The market was rattled on Monday after US President Donald Trump announced lift tariffs to 25% on $US200 billion of Chinese imports by the end of the week, which happened. There was no sign of any progress at talks in Washington.
Much of the pressure on the market came from domestic sources. For example cement maker, Adelaide Brighton saw its shares lose nearly 18% over the week to end at $3.62 after it said profits for 2019 (it balances in December) could be 15% because of tougher competition and weak demand from residential construction.
The East Coast drought hammered shares in GrainCorp. On Monday its would be suitor, long term Asset Partnership dropped its bid and three days later it suffered reported a first-half loss of $59 million and warned of a tough second half. The shares slumped more than 15% to $7.54.
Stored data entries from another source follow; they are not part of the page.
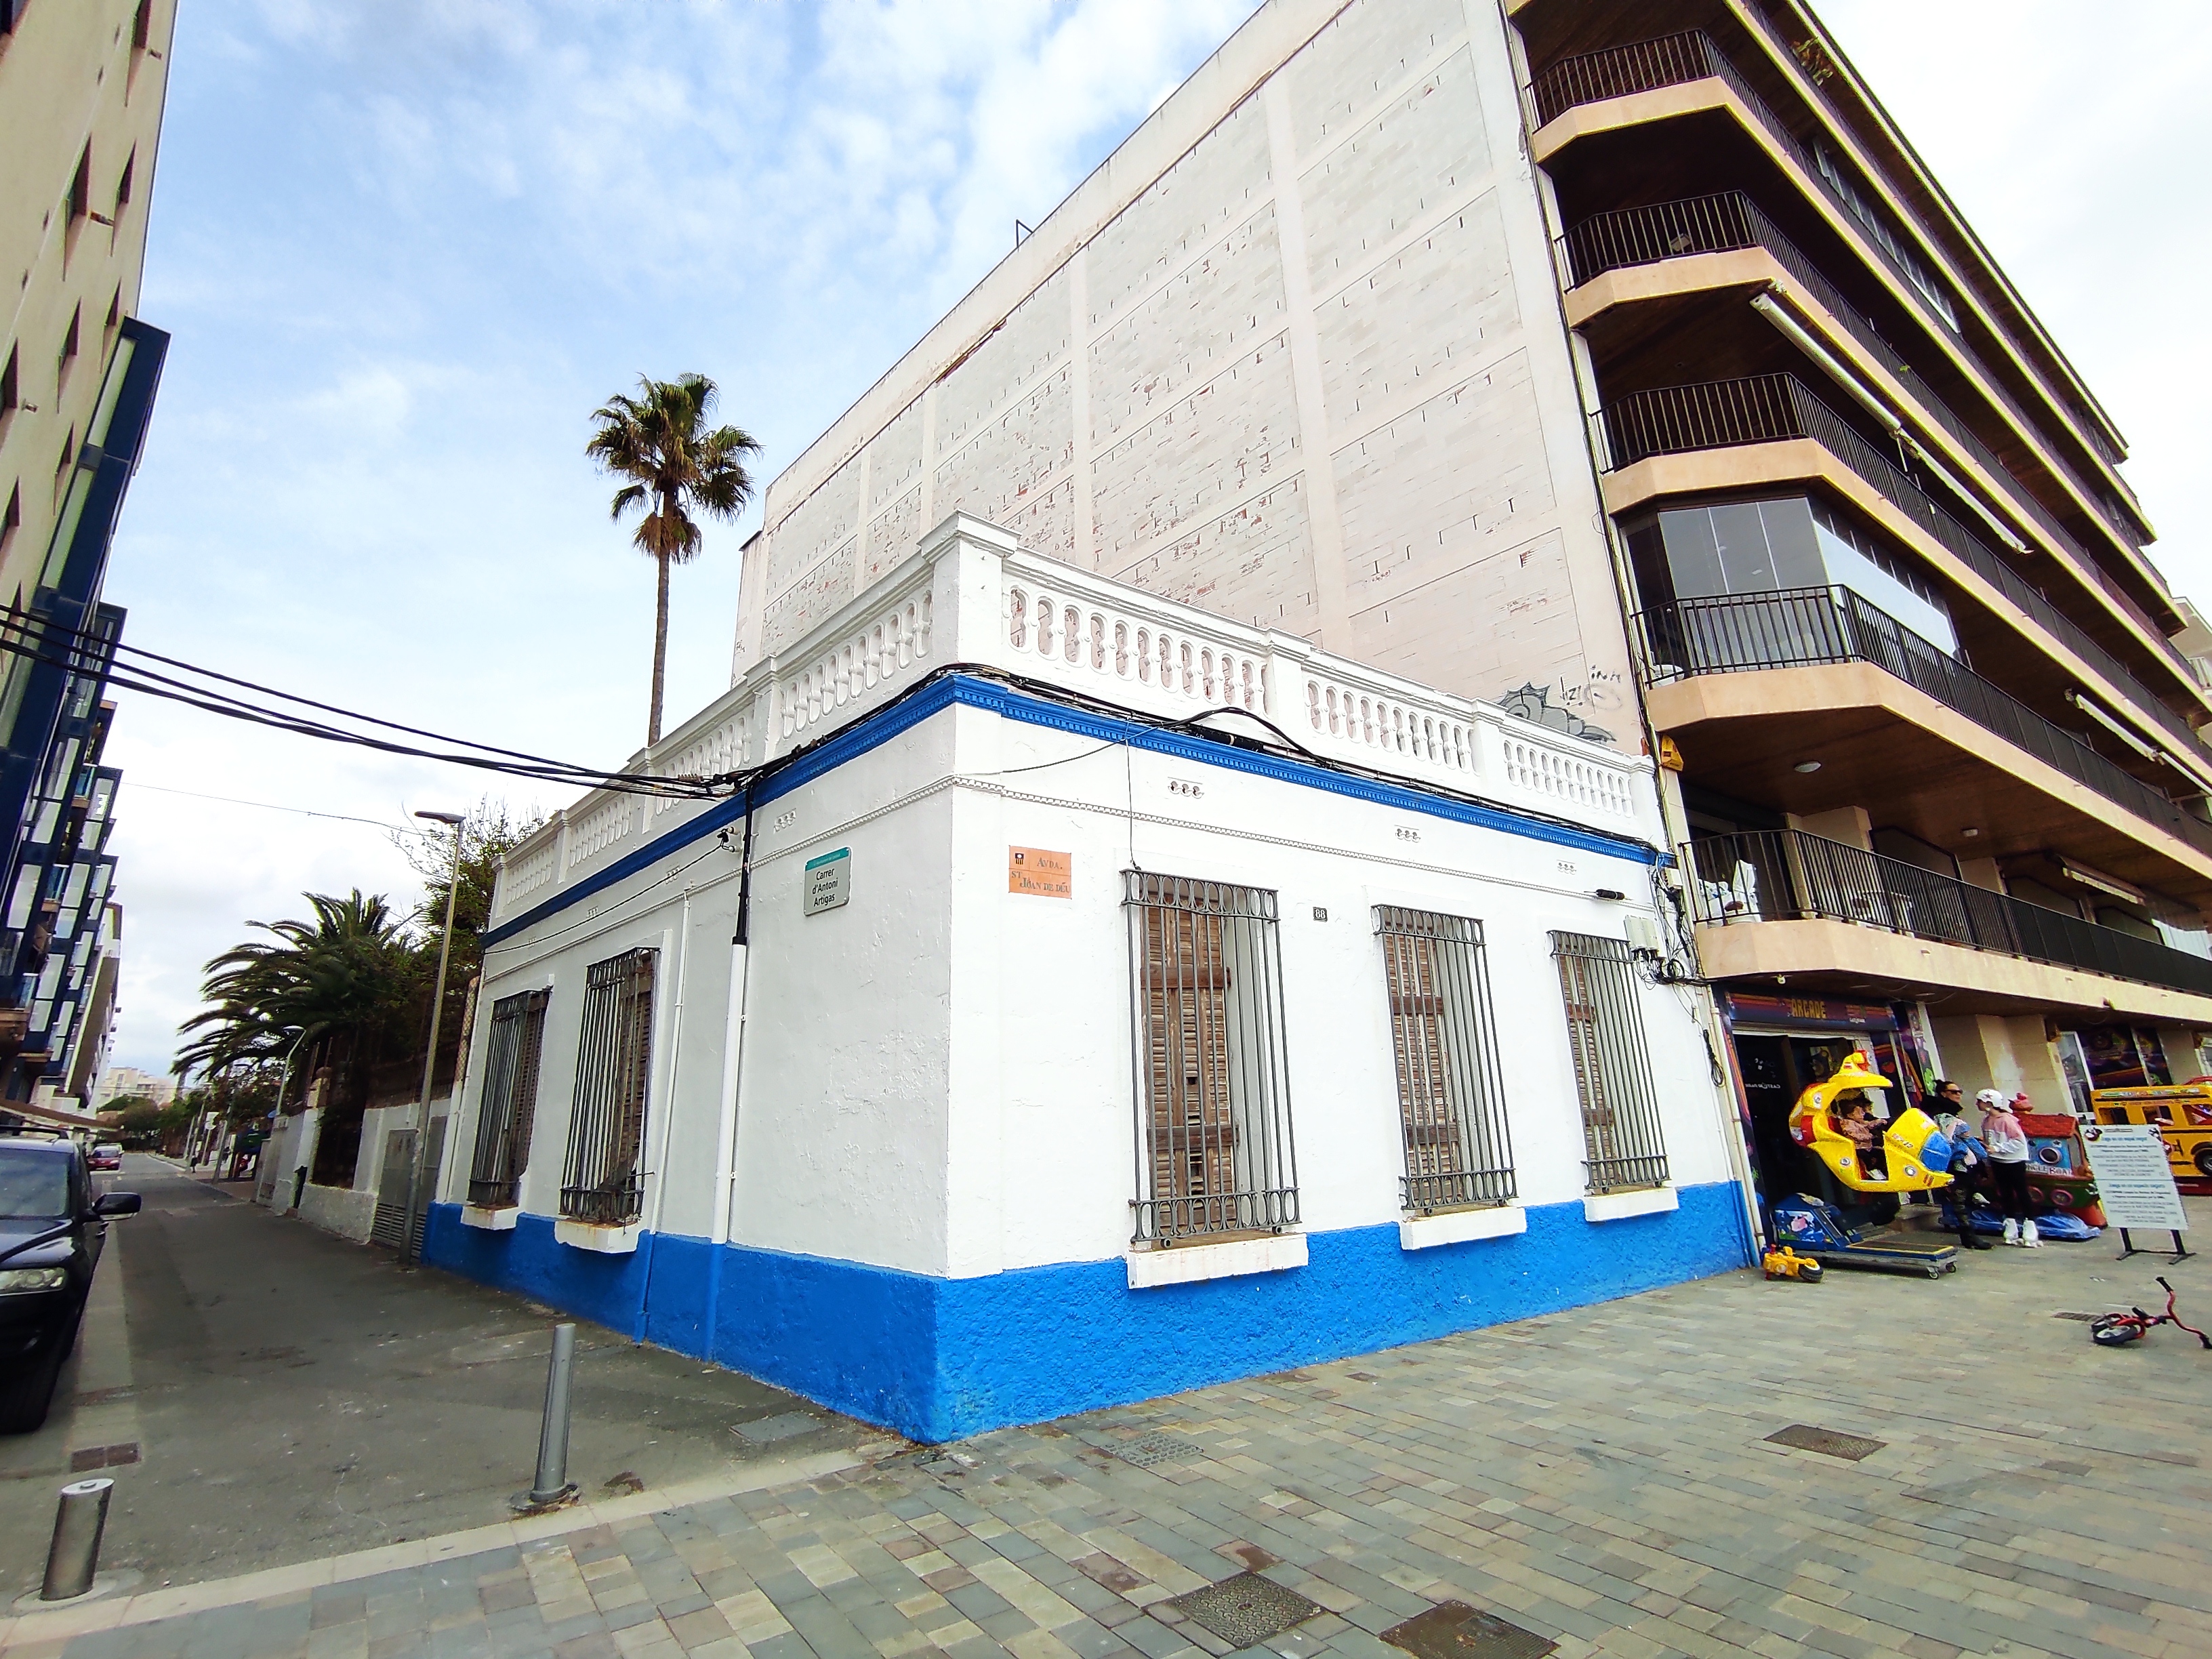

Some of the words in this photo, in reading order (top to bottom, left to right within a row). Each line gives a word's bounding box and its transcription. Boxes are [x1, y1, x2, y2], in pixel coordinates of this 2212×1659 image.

[816, 867, 835, 880] Carrer
[812, 878, 838, 894] d'Antoni
[1044, 883, 1054, 891] DE
[814, 893, 835, 907] Artigas
[1315, 909, 1326, 919] 88
[1791, 998, 1827, 1019] ARCADE
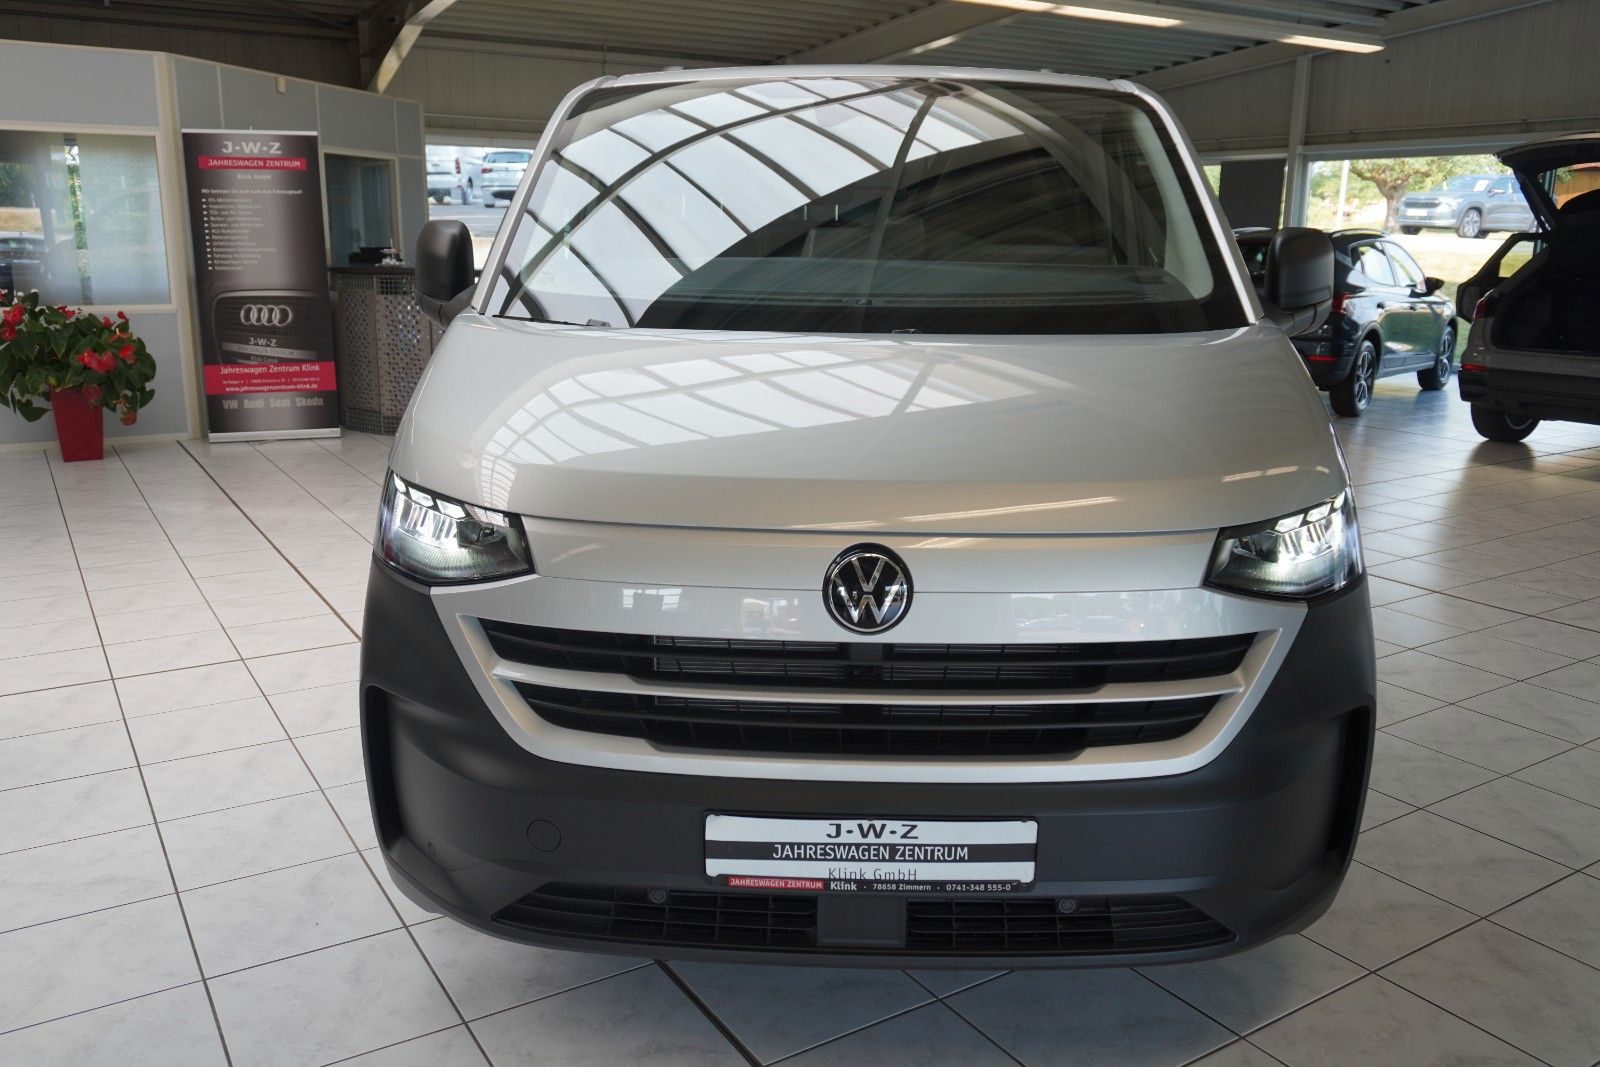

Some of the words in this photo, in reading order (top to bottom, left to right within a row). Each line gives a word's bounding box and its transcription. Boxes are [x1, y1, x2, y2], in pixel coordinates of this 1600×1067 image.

[208, 159, 265, 167] JAHRESWAGEN
[266, 160, 301, 168] ZENTRUM
[220, 366, 268, 375] Jahreswagen
[269, 364, 300, 373] Zentrum
[302, 364, 320, 372] Klink
[225, 384, 318, 392] www.jahreswagenzentrum-klink.de
[222, 399, 238, 409] VW
[244, 399, 264, 409] Audi
[270, 398, 291, 408] Seat
[295, 397, 324, 407] Skoda
[828, 553, 907, 628] VW
[773, 844, 890, 860] JAHRESWAGEN
[895, 846, 968, 861] ZENTRUM
[828, 867, 867, 880] Klink
[873, 868, 917, 881] GmbH
[730, 878, 785, 888] JAHRESWAGEN
[787, 879, 823, 889] ZENTRUM
[830, 881, 858, 891] Klink
[873, 883, 897, 891] 78658
[899, 883, 932, 891] Zimmern
[946, 883, 985, 891] 0741-348
[987, 883, 1011, 891] 555-0
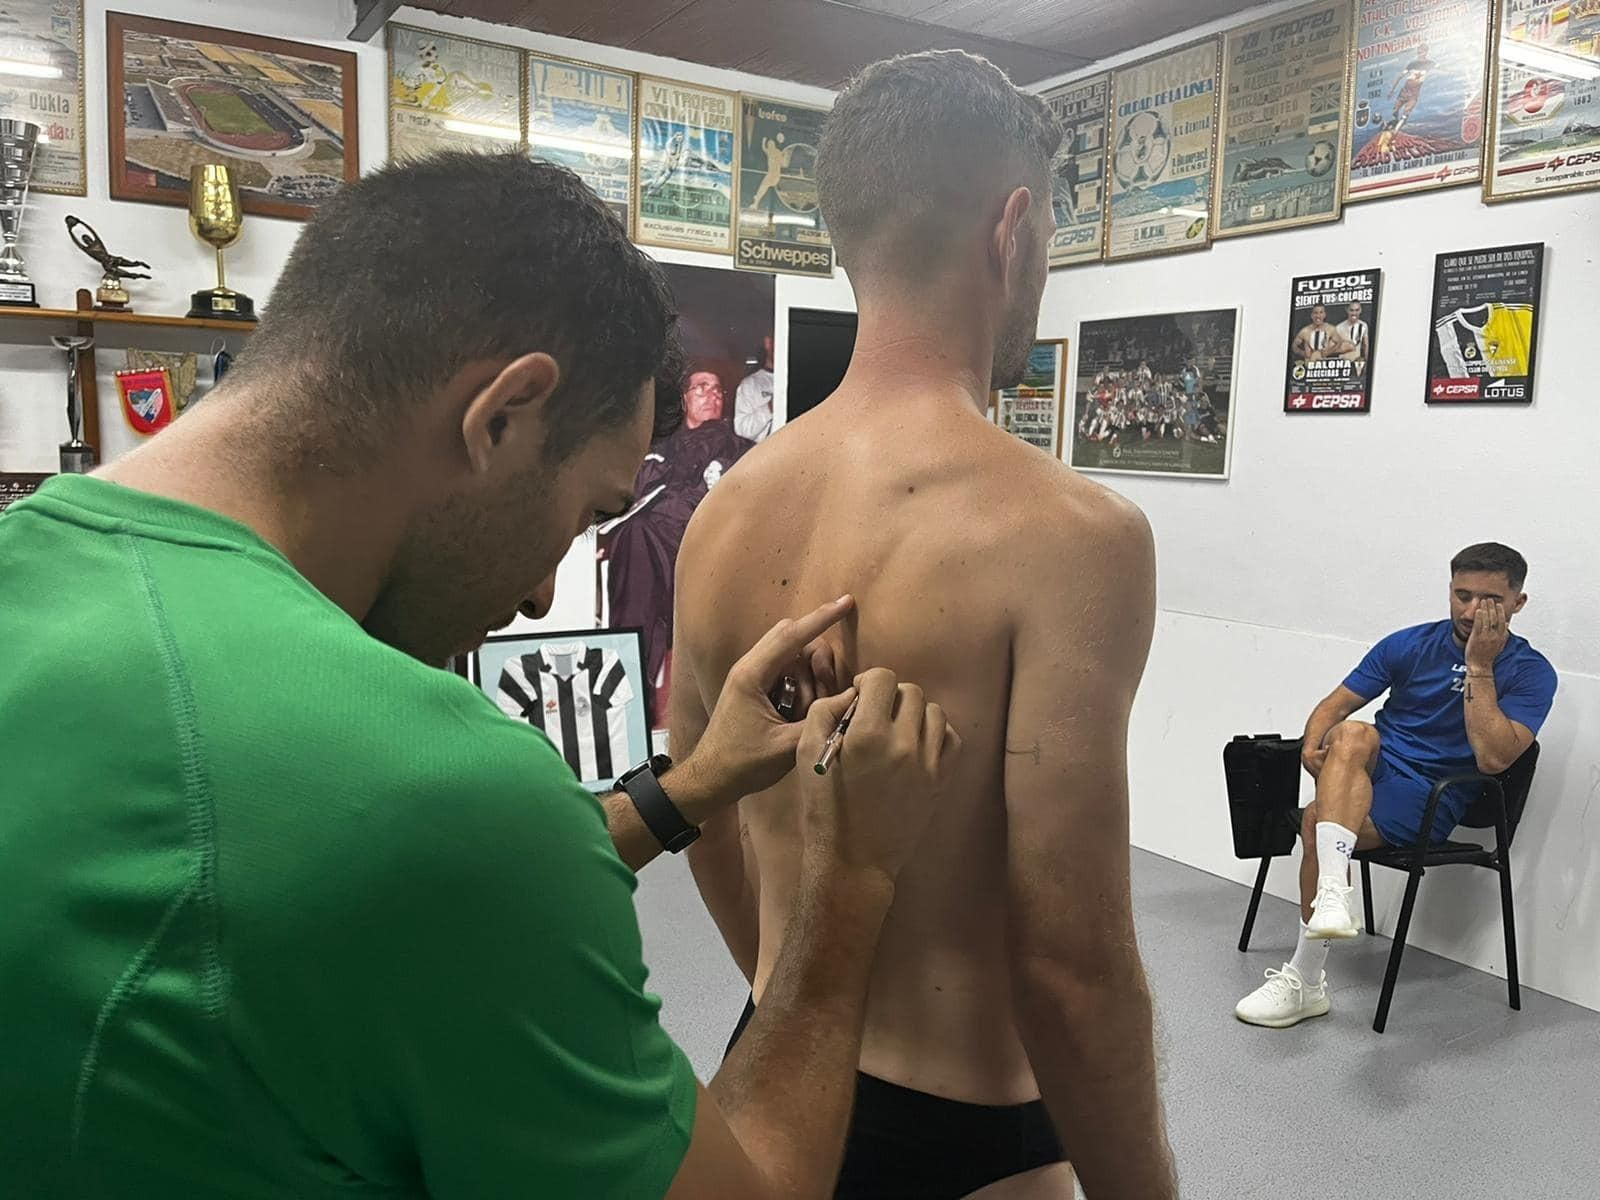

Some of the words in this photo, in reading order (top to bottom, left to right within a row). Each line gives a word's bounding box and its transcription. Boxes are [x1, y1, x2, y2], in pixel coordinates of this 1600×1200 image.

Treasury Wine Estates shares fell 11.5% to $15.09 after CEO Michael Clarke sold half his stake – $7 million worth of shares – for what he said were personal reasons.
But the news came a couple of days after Treasury was criticised by a US hedge fund for ‘channel stuffing’ its US distribution channels. The hedge fund reckons there’s a chance Treasury shares will fall 50%.
TPG Telecom’s merger with Vodafone Hutchison Australia was stopped by the ACCC, the competition regulator, but both companies have said they will challenge the ruling.
TPG shares shed 7% to $6.35 and Hutchison Australia closed 21.2% lower at 13¢. Telstra shares rose 0.9% to $3.41.